## Work item
Only the pictures are to be left out; set down the rest of the records exactly.

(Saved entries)
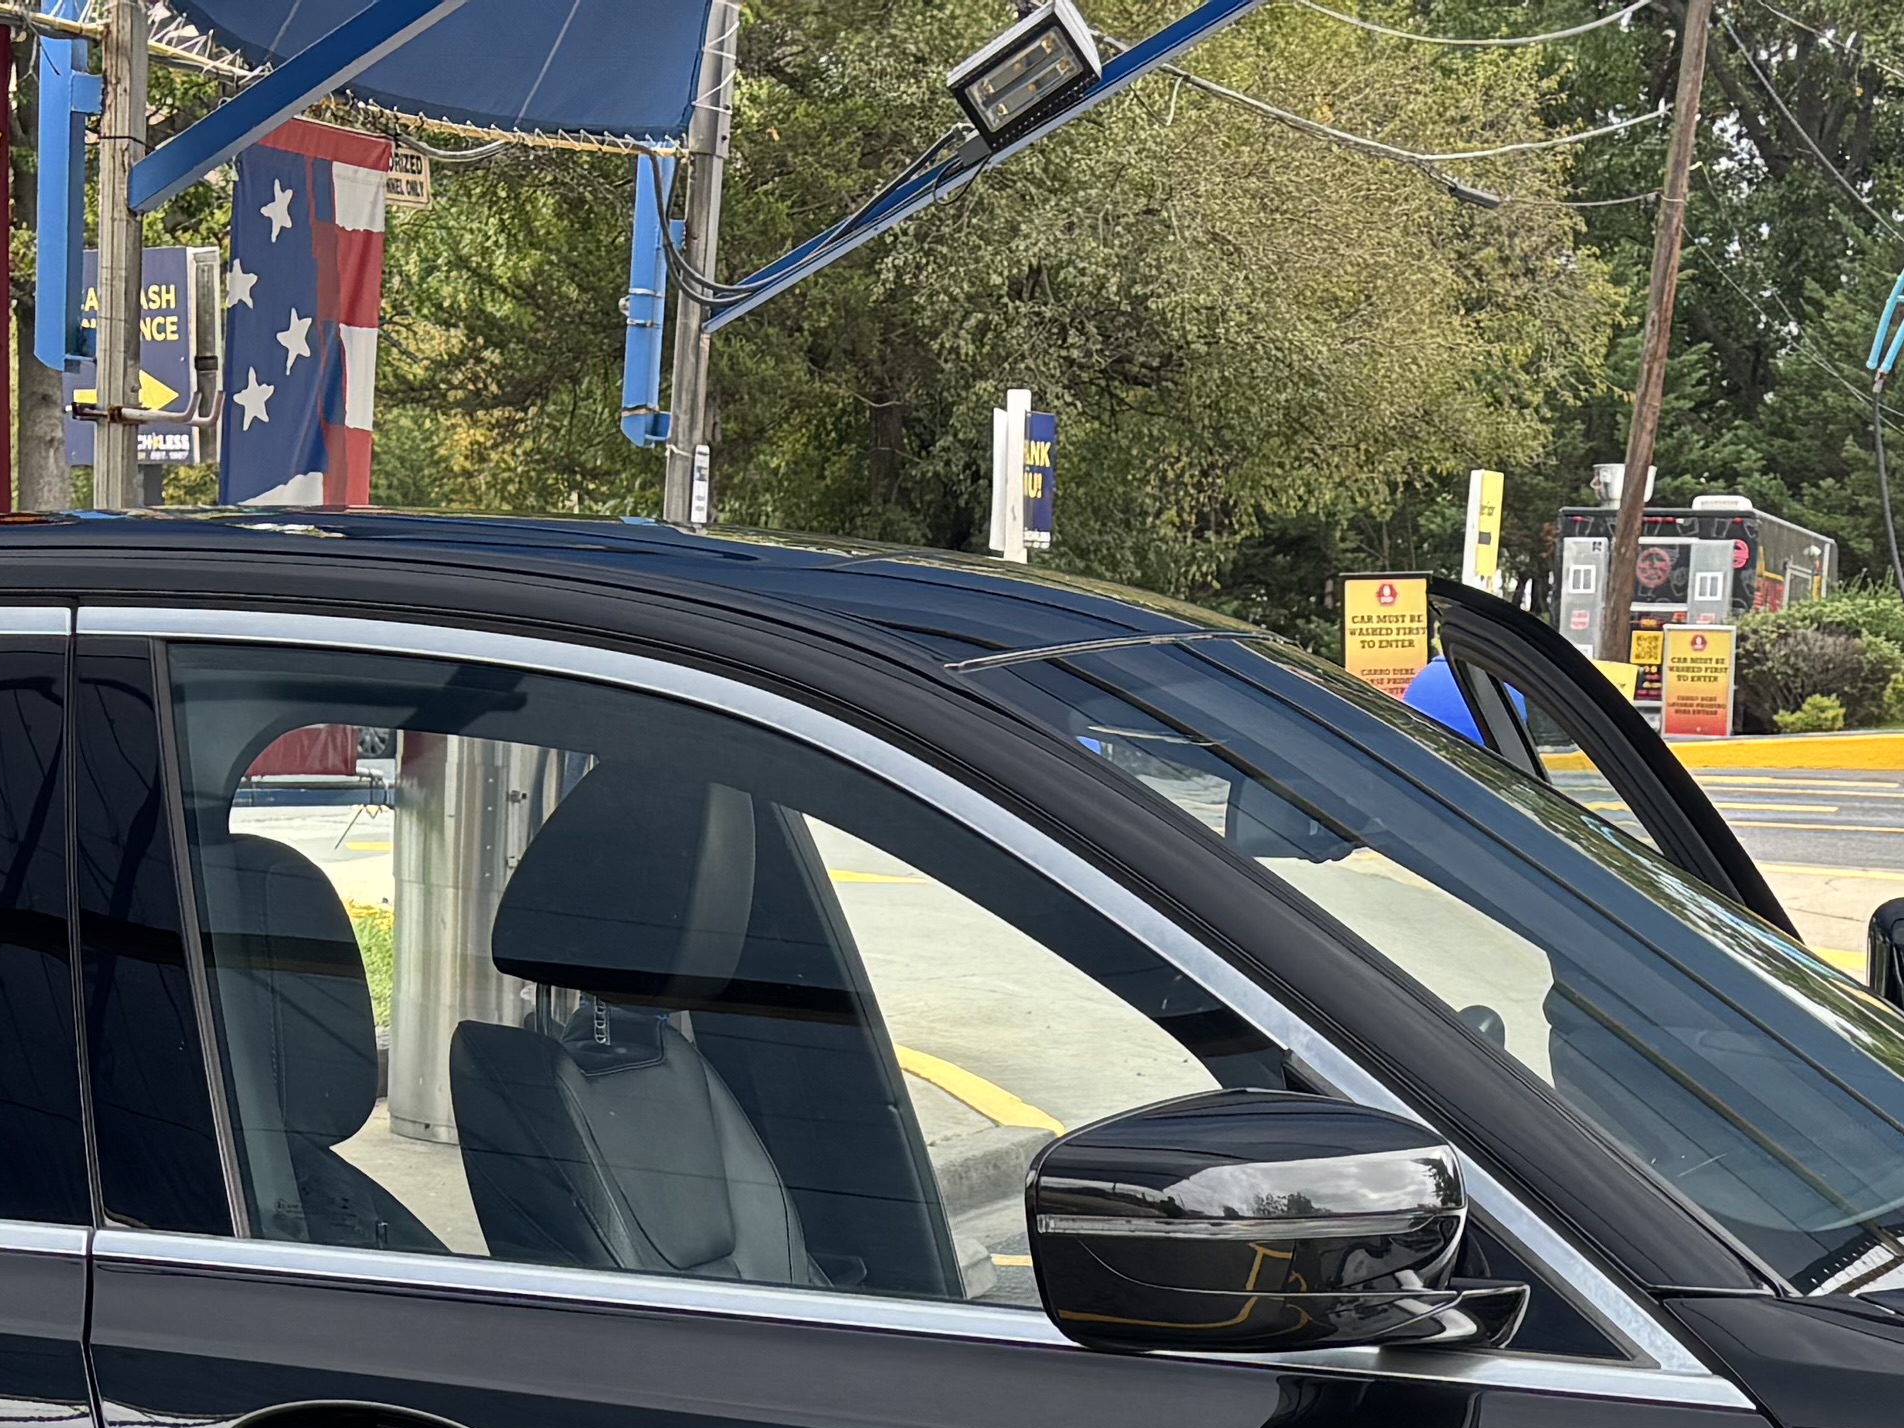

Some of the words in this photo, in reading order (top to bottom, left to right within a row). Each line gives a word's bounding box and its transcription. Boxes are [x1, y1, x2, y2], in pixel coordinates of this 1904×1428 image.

[1351, 615, 1373, 624] CAR
[1376, 614, 1406, 623] MUST
[1410, 614, 1423, 623] BE
[1348, 627, 1393, 636] WASHED
[1396, 627, 1427, 636] FIRST
[1360, 640, 1375, 649] TO
[1378, 639, 1415, 649] ENTER
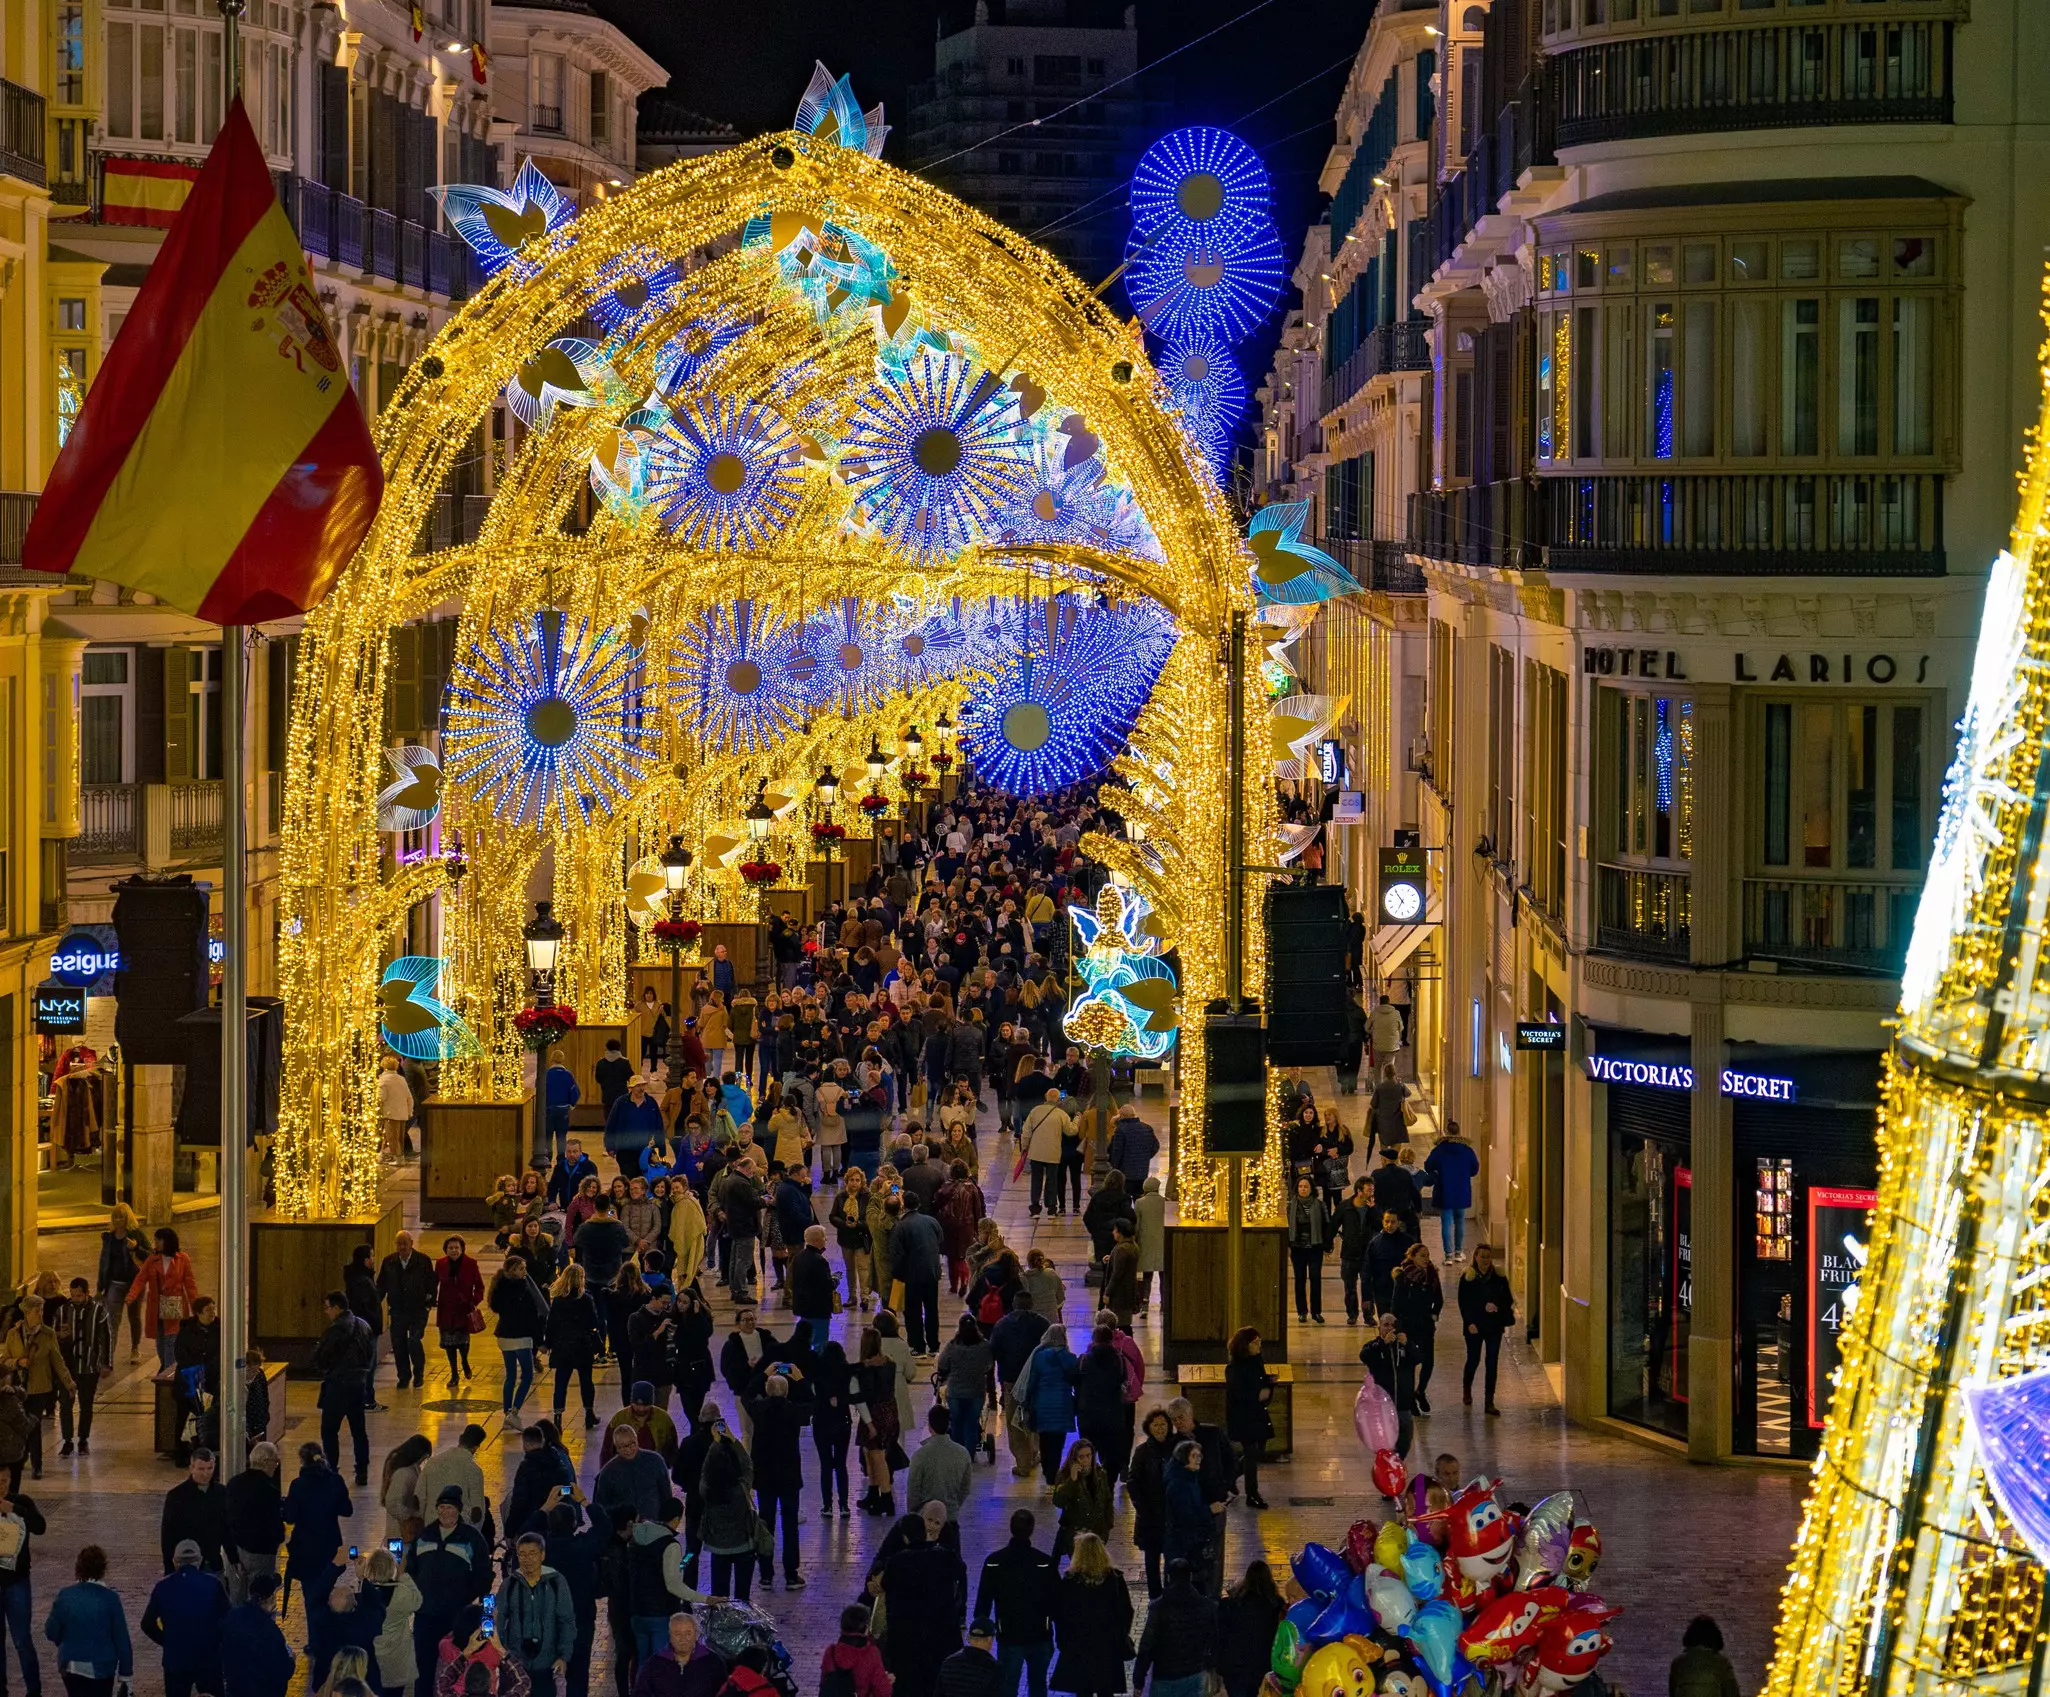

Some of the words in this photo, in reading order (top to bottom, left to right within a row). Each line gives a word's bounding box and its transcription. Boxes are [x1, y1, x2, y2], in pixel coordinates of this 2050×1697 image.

[1584, 647, 1686, 680] HOTEL
[1735, 653, 1931, 684] LARIOS
[1323, 742, 1332, 783] PRIMOR
[1342, 799, 1360, 807] COS
[1384, 865, 1420, 873] ROLEX
[40, 1000, 79, 1011] NYX
[1588, 1056, 1693, 1088] VICTORIA'S
[1722, 1070, 1793, 1099] SECRET
[1816, 1191, 1853, 1200] VICTORIA'S

## Written answer
Some of the words in this photo, in reading order (top to bottom, left to right within a row). Each line gives a word's bounding box and its transcription. Boxes are [x1, y1, x2, y2], in pixel coordinates of this 1904×1428 image.

[1351, 615, 1373, 624] CAR
[1376, 614, 1406, 623] MUST
[1410, 614, 1423, 623] BE
[1348, 627, 1393, 636] WASHED
[1396, 627, 1427, 636] FIRST
[1360, 640, 1375, 649] TO
[1378, 639, 1415, 649] ENTER

Some of the words in this photo, in reading order (top to bottom, left to right within a row). Each line gives a word's bounding box and its transcription. Boxes are [x1, y1, x2, y2], in pixel coordinates of this 2050×1697 image.

[1584, 647, 1686, 680] HOTEL
[1735, 653, 1931, 684] LARIOS
[1323, 742, 1332, 783] PRIMOR
[1342, 799, 1360, 807] COS
[1384, 865, 1420, 873] ROLEX
[40, 1000, 79, 1011] NYX
[1588, 1056, 1693, 1088] VICTORIA'S
[1722, 1070, 1793, 1099] SECRET
[1816, 1191, 1853, 1200] VICTORIA'S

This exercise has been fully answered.